DATA FOR THIS TASK »
%%

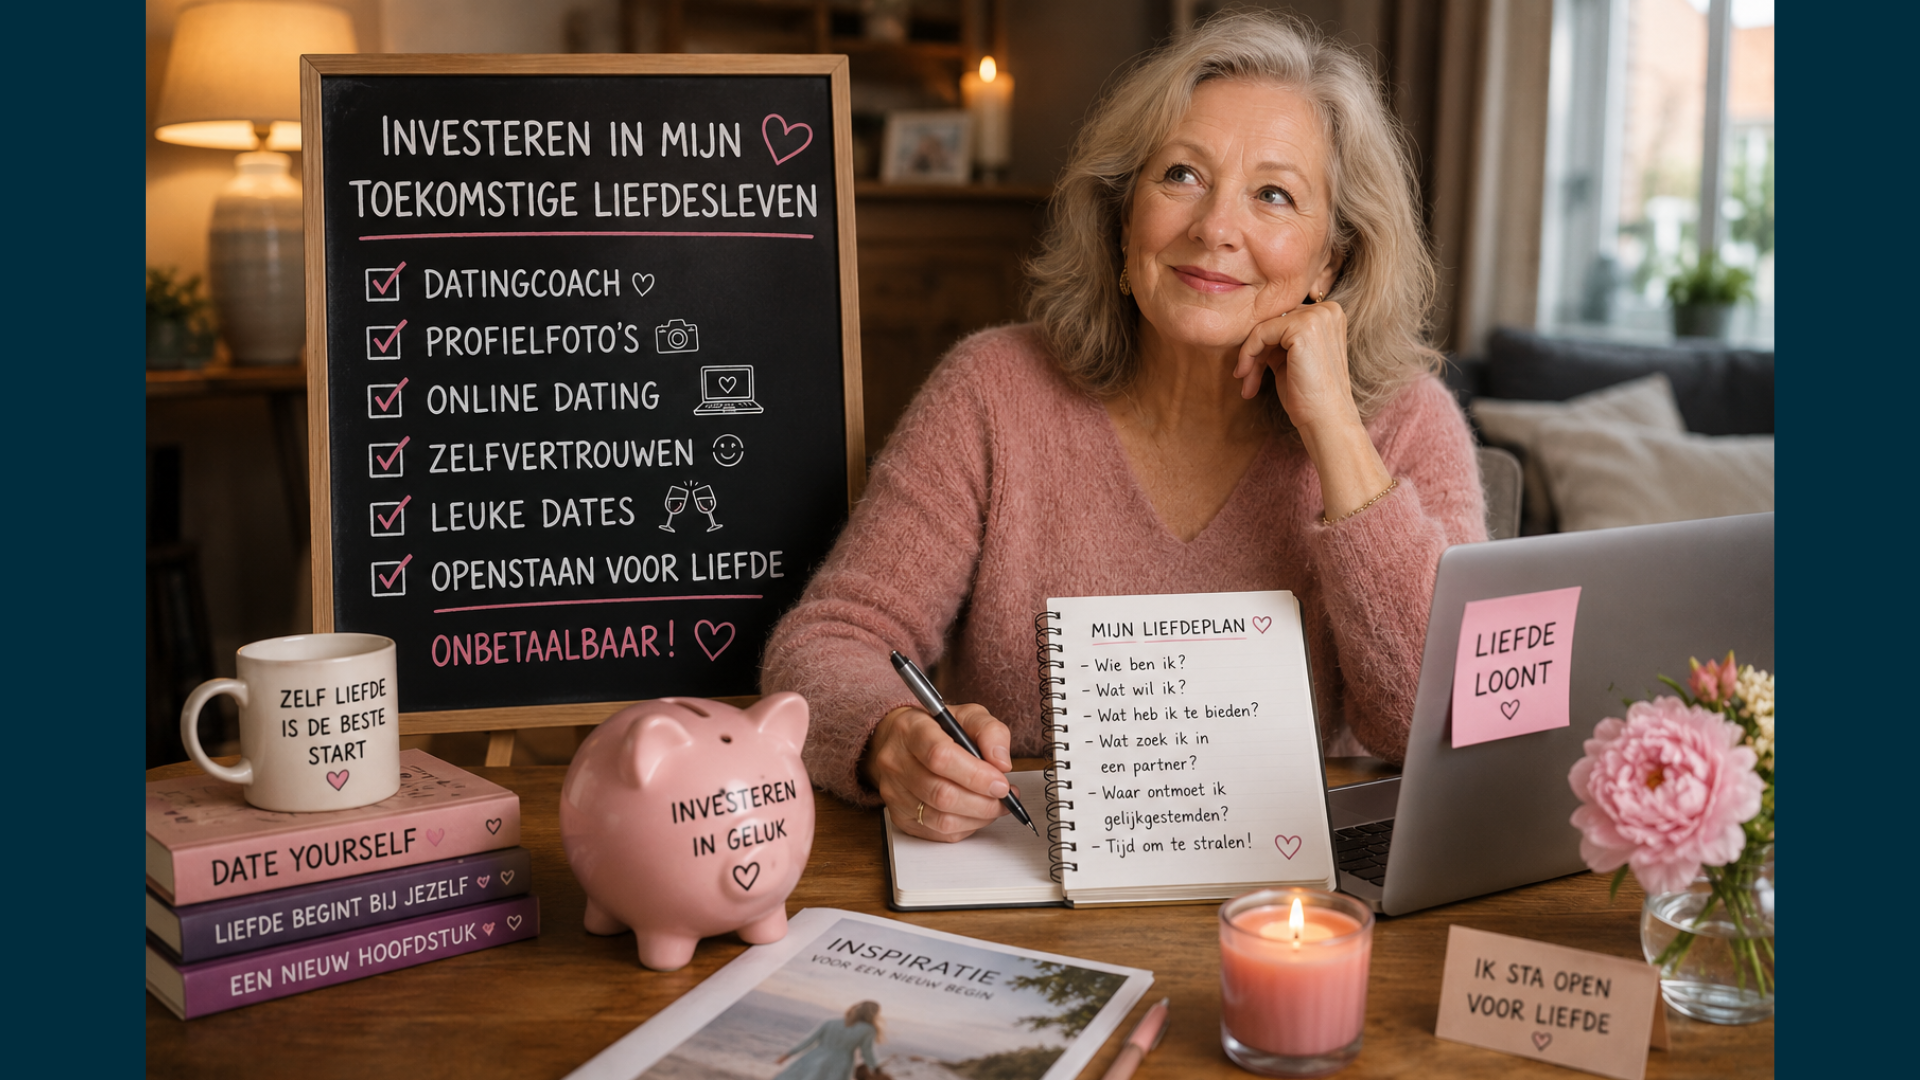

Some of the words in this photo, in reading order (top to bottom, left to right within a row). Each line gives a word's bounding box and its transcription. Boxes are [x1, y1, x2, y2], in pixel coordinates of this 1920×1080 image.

[382, 115, 590, 157] INVESTEREN
[610, 121, 643, 157] IN
[661, 121, 741, 158] MIJN
[349, 180, 578, 218] TOEKOMSTIGE
[594, 181, 817, 218] LIEFDESLEVEN
[424, 268, 620, 299] DATINGCOACH
[427, 323, 639, 357] PROFIELFOTO'S
[427, 383, 537, 415] ONLINE
[555, 381, 660, 411] DATING
[428, 439, 694, 474] ZELFVERTROUWEN
[431, 500, 525, 533] LEUKE
[542, 497, 635, 527] DATES
[431, 556, 594, 592] OPENSTAAN
[605, 553, 679, 584] VOOR
[692, 550, 784, 582] LIEFDE
[1091, 622, 1133, 638] MIJN
[1143, 618, 1246, 636] LIEFDEPLAN
[1475, 621, 1556, 658] LIEFDE
[1095, 658, 1122, 672] Wie
[1130, 656, 1155, 671] ben
[1163, 654, 1186, 670] ik?
[1475, 660, 1553, 697] LOONT
[280, 688, 326, 708] ZELF
[336, 678, 386, 705] LIEFDE
[1096, 683, 1125, 697] Wat
[1132, 682, 1154, 696] wil
[1163, 679, 1186, 695] ik?
[281, 719, 298, 738] IS
[308, 717, 331, 737] DE
[340, 707, 386, 733] BESTE
[1098, 708, 1127, 722] Wat
[1134, 707, 1158, 721] heb
[1165, 706, 1178, 720] ik
[1184, 706, 1199, 719] te
[1205, 701, 1259, 719] bieden?
[308, 740, 367, 765] START
[1099, 734, 1129, 748] Wat
[1136, 732, 1168, 747] zoek
[1175, 731, 1188, 746] ik
[1196, 732, 1209, 745] in
[1100, 761, 1126, 773] een
[1133, 755, 1197, 777] partner?
[671, 779, 797, 825] INVESTEREN
[1102, 785, 1140, 800] Waar
[1147, 783, 1206, 798] ontmoet
[1213, 782, 1227, 796] ik
[1104, 805, 1229, 831] gelijkgestemden?
[692, 834, 715, 858] IN
[727, 819, 788, 851] GELUK
[1106, 837, 1135, 858] Tijd
[1143, 839, 1163, 852] om
[1170, 836, 1186, 851] te
[1194, 832, 1252, 850] stralen!
[212, 851, 278, 886] DATE
[289, 827, 417, 872] YOURSELF
[215, 911, 284, 944] LIEFDE
[292, 897, 363, 929] BEGINT
[369, 889, 398, 914] BIJ
[404, 876, 469, 906] JEZELF
[230, 968, 272, 997] EEN
[281, 951, 349, 986] NIEUW
[359, 922, 477, 968] HOOFDSTUK
[827, 937, 1002, 986] INSPIRATIE
[811, 954, 851, 970] VOOR
[854, 964, 886, 977] EEN
[889, 972, 943, 989] NIEUW
[944, 984, 995, 1001] BEGIN
[1474, 957, 1496, 980] IK
[1507, 963, 1544, 989] STA
[1554, 971, 1612, 999] OPEN
[1467, 993, 1525, 1021] VOOR
[1536, 1003, 1611, 1034] LIEFDE
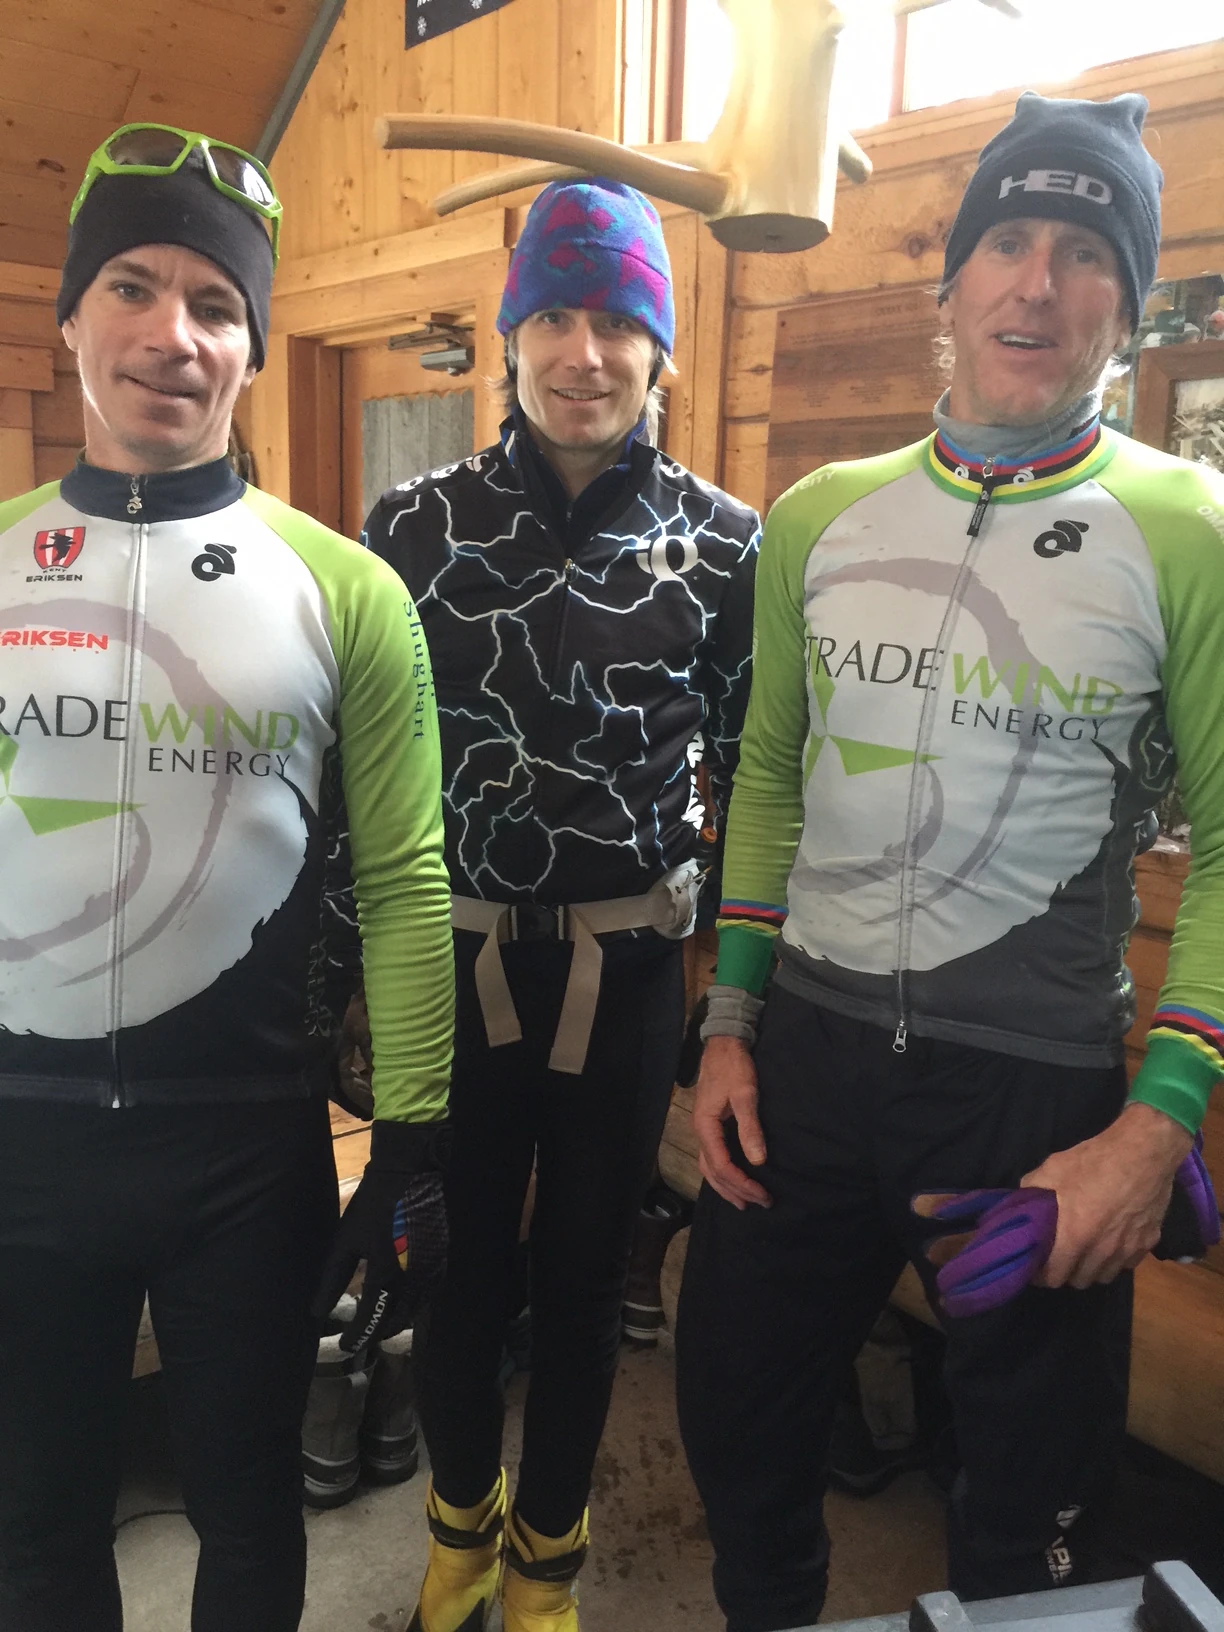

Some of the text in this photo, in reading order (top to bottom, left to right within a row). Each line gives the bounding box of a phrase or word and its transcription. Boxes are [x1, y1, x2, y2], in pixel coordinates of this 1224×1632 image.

[999, 169, 1113, 205] HED
[26, 574, 83, 583] ERIKSEN
[0, 630, 109, 651] RIKSEN
[404, 601, 428, 740] Shughart
[951, 699, 1109, 741] ENERGY
[148, 747, 291, 777] ENERGY
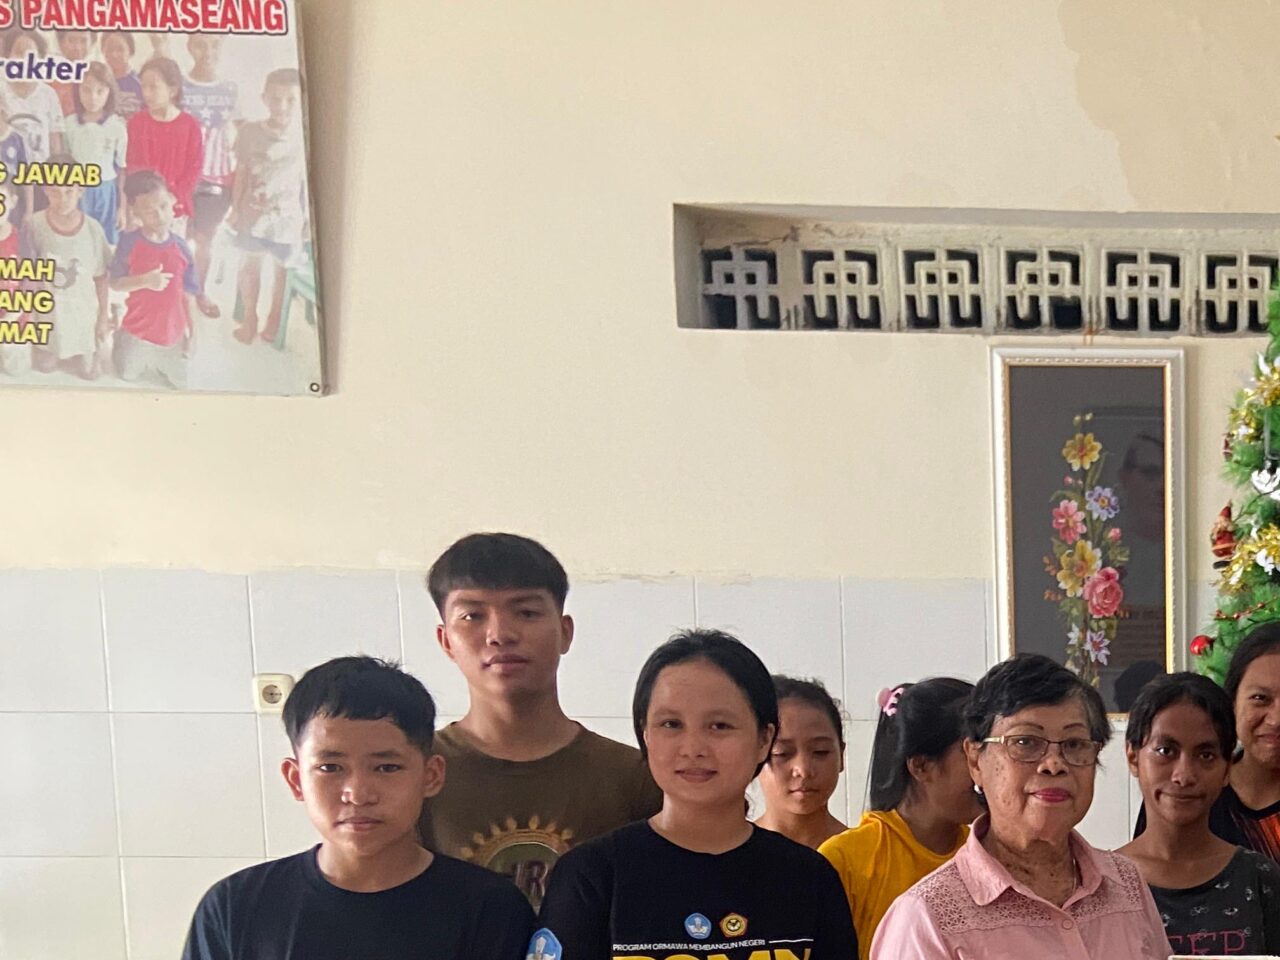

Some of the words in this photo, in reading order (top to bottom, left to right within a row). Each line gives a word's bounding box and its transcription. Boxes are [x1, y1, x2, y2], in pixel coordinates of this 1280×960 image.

[22, 0, 286, 31] PANGAMASEANG
[0, 53, 88, 80] akter
[13, 163, 101, 186] JAWAB
[612, 943, 652, 951] PROGRAM
[652, 943, 688, 951] ORMAWA
[688, 942, 738, 951] MEMBANGUN
[738, 939, 766, 948] NEGERI

%%

EXERCISE » Return each record exactly as given, excluding any image.

ANSWER BELOW »
Some of the words in this photo, in reading order (top to bottom, left to right within a row). Each line gives a word's bounding box and its transcription. Boxes are [x1, y1, x2, y2], in pixel coordinates of this 1920×1080 image.

[382, 115, 590, 157] INVESTEREN
[610, 121, 643, 157] IN
[661, 121, 741, 158] MIJN
[349, 180, 578, 218] TOEKOMSTIGE
[594, 181, 817, 218] LIEFDESLEVEN
[424, 268, 620, 299] DATINGCOACH
[427, 323, 639, 357] PROFIELFOTO'S
[427, 383, 537, 415] ONLINE
[555, 381, 660, 411] DATING
[428, 439, 694, 474] ZELFVERTROUWEN
[431, 500, 525, 533] LEUKE
[542, 497, 635, 527] DATES
[431, 556, 594, 592] OPENSTAAN
[605, 553, 679, 584] VOOR
[692, 550, 784, 582] LIEFDE
[1091, 622, 1133, 638] MIJN
[1143, 618, 1246, 636] LIEFDEPLAN
[1475, 621, 1556, 658] LIEFDE
[1095, 658, 1122, 672] Wie
[1130, 656, 1155, 671] ben
[1163, 654, 1186, 670] ik?
[1475, 660, 1553, 697] LOONT
[280, 688, 326, 708] ZELF
[336, 678, 386, 705] LIEFDE
[1096, 683, 1125, 697] Wat
[1132, 682, 1154, 696] wil
[1163, 679, 1186, 695] ik?
[281, 719, 298, 738] IS
[308, 717, 331, 737] DE
[340, 707, 386, 733] BESTE
[1098, 708, 1127, 722] Wat
[1134, 707, 1158, 721] heb
[1165, 706, 1178, 720] ik
[1184, 706, 1199, 719] te
[1205, 701, 1259, 719] bieden?
[308, 740, 367, 765] START
[1099, 734, 1129, 748] Wat
[1136, 732, 1168, 747] zoek
[1175, 731, 1188, 746] ik
[1196, 732, 1209, 745] in
[1100, 761, 1126, 773] een
[1133, 755, 1197, 777] partner?
[671, 779, 797, 825] INVESTEREN
[1102, 785, 1140, 800] Waar
[1147, 783, 1206, 798] ontmoet
[1213, 782, 1227, 796] ik
[1104, 805, 1229, 831] gelijkgestemden?
[692, 834, 715, 858] IN
[727, 819, 788, 851] GELUK
[1106, 837, 1135, 858] Tijd
[1143, 839, 1163, 852] om
[1170, 836, 1186, 851] te
[1194, 832, 1252, 850] stralen!
[212, 851, 278, 886] DATE
[289, 827, 417, 872] YOURSELF
[215, 911, 284, 944] LIEFDE
[292, 897, 363, 929] BEGINT
[369, 889, 398, 914] BIJ
[404, 876, 469, 906] JEZELF
[230, 968, 272, 997] EEN
[281, 951, 349, 986] NIEUW
[359, 922, 477, 968] HOOFDSTUK
[827, 937, 1002, 986] INSPIRATIE
[811, 954, 851, 970] VOOR
[854, 964, 886, 977] EEN
[889, 972, 943, 989] NIEUW
[944, 984, 995, 1001] BEGIN
[1474, 957, 1496, 980] IK
[1507, 963, 1544, 989] STA
[1554, 971, 1612, 999] OPEN
[1467, 993, 1525, 1021] VOOR
[1536, 1003, 1611, 1034] LIEFDE

Some of the text in this photo, in reading order (top to bottom, left to right within a row). Each line gives the bounding box of a phrase or word and its transcription. Boxes are [x1, y1, x2, y2], in pixel coordinates of this 1224×1632 image.

[999, 169, 1113, 205] HED
[26, 574, 83, 583] ERIKSEN
[0, 630, 109, 651] RIKSEN
[404, 601, 428, 740] Shughart
[951, 699, 1109, 741] ENERGY
[148, 747, 291, 777] ENERGY

Some of the words in this photo, in reading order (top to bottom, left to right within a row). Each line gives a word's bounding box and its transcription. Boxes are [x1, y1, x2, y2], in pixel coordinates of this 1280×960 image.

[22, 0, 286, 31] PANGAMASEANG
[0, 53, 88, 80] akter
[13, 163, 101, 186] JAWAB
[612, 943, 652, 951] PROGRAM
[652, 943, 688, 951] ORMAWA
[688, 942, 738, 951] MEMBANGUN
[738, 939, 766, 948] NEGERI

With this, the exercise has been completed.